Pour fêter le début du printemps et saluer les premiers départs sur le Camino, voici l’extrait fameux d’un poème écrit par l’aventurier anglais Walter Raleigh (1552-1618), quelques vers à apprendre et à se réciter en marchant sur les chemins encore baignés d’ombre, au petit matin:
Donne moi ma coquille de paix,
Mon bâton de foi pour marcher sur le chemin,
Ma besace d’allégresse, nourriture éternelle,
Ma gourde de salut
Ma robe de gloire, vrai témoin de l’espoir,
Et ainsi je commencerai mon pèlerinage.
Voici la version originale de ces quelques vers:
GIVE me my scallop-shell of quiet,
My staff of faith to walk upon,
My scrip of joy, immortal diet,
My bottle of salvation,
My gown of glory, hope’s true gage;
And thus I’ll take my pilgrimage.
COQUILLARD, substantif masculin : Mendiant dont les vêtements étaient ornés de coquilles et qui se faisait passer pour pèlerin.
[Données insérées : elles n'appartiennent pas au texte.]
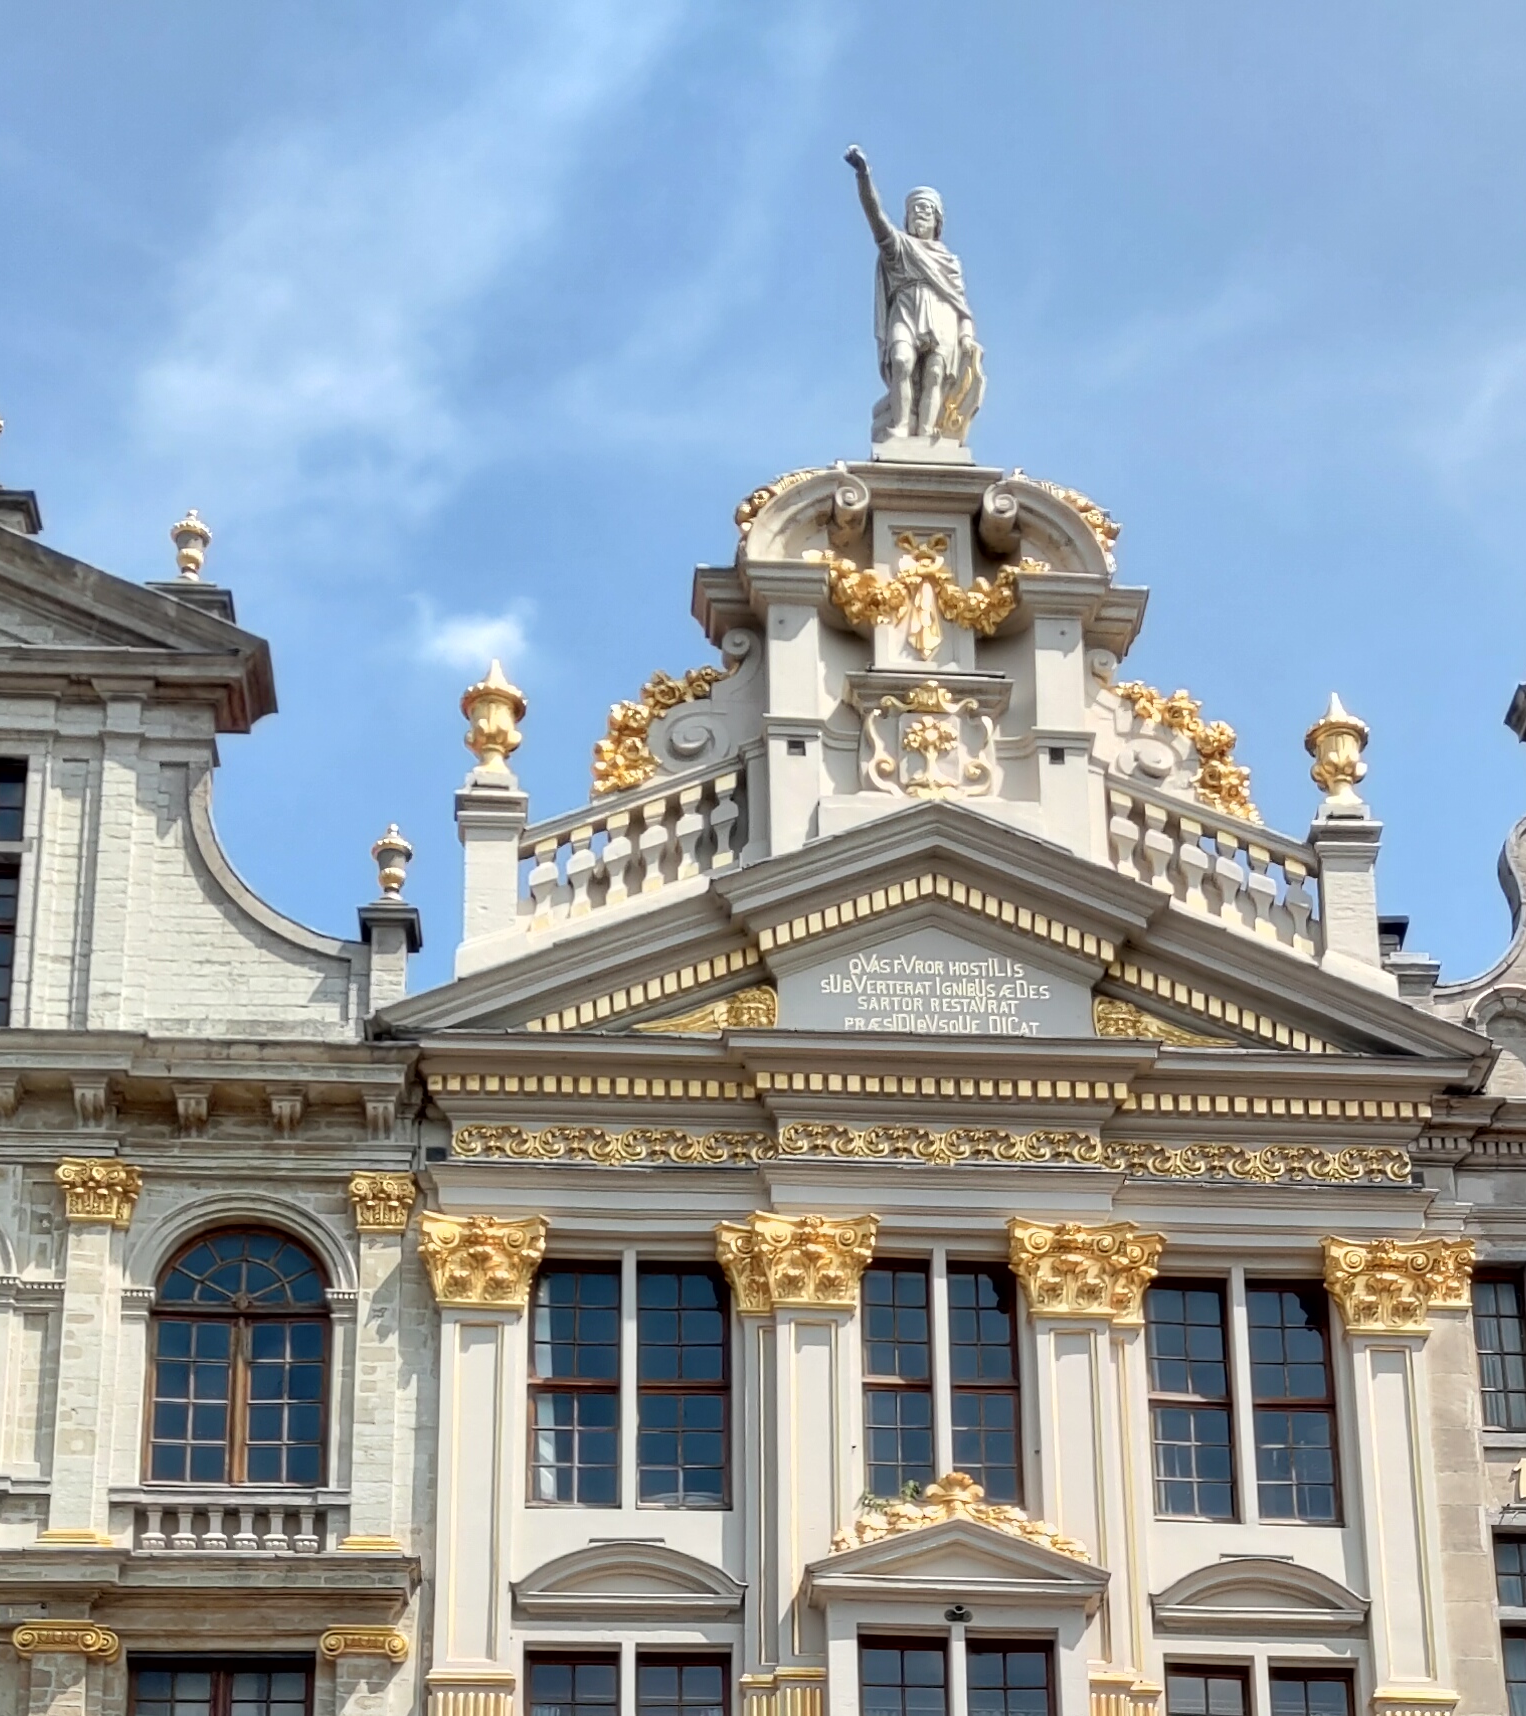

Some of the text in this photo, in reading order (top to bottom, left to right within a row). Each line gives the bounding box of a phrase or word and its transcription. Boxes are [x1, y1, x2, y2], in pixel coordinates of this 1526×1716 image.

« Deux tables plus loin, un coquillard avec son costume complet de pèlerin épelait la complainte de Sainte-Reine. » (Victor HUGO, Notre-Dame de Paris, 1832)
Les bandes de malfaiteurs du XVe siècle
Avec la fin de la guerre de Cent Ans, le crime organisé se développe en France : les anciens mercenaires désœuvrés rejoignent les loqueteux de tout poil et les étudiants fauchés pour former des associations de malfaiteurs et se livrer à des escroqueries en tout genre, au faux-monnayage, à la triche organisée, au proxénétisme…
Que ce soit à cause de l’habit de pèlerin qu’ils prenaient parfois pour duper les honnêtes gens, ou bien parce que l’allusion à la coquille avait déjà pénétré le vocabulaire de la pègre, ces truands s’appelaient coquillards. Comme tous les gangs de rue jusqu’à nos jours, ces bandes étaient structurées par des codes très précis et soigneusement tenus secrets. Les aveux d’un procès tenu à Dijon en 1455 nous donnent cependant un aperçu des rouages et modes opératoires des coquillards.
Leur organisation pyramidale avait ses apprentis et ses maîtres, l’ensemble étant coiffé par un « roi de la coquille ». Ils s’étaient fait une spécialité de mettre en gage des bijoux truqués, et ils parlaient un jargon de leur invention, qui tenait lieu de signe de reconnaissance et leur permettait de préparer leurs exactions sans se faire comprendre des non-initiés. Le poète François Villon a été mêlé aux trafics des coquillards et a écrit des ballades dans leur jargon.
Exemples du jargon des coquillards :
Retour vers Compostelle…
À partir du XVIIe siècle, alors que les bandes du Moyen Âge ont sombré dans l’oubli, le terme de coquillard désigne à nouveau ces gueux, mendiants ou malfaiteurs, faux pèlerins de Compostelle, qui abusent de l’hospitalité des monastères et détroussent les pèlerins et les riverains du Camino.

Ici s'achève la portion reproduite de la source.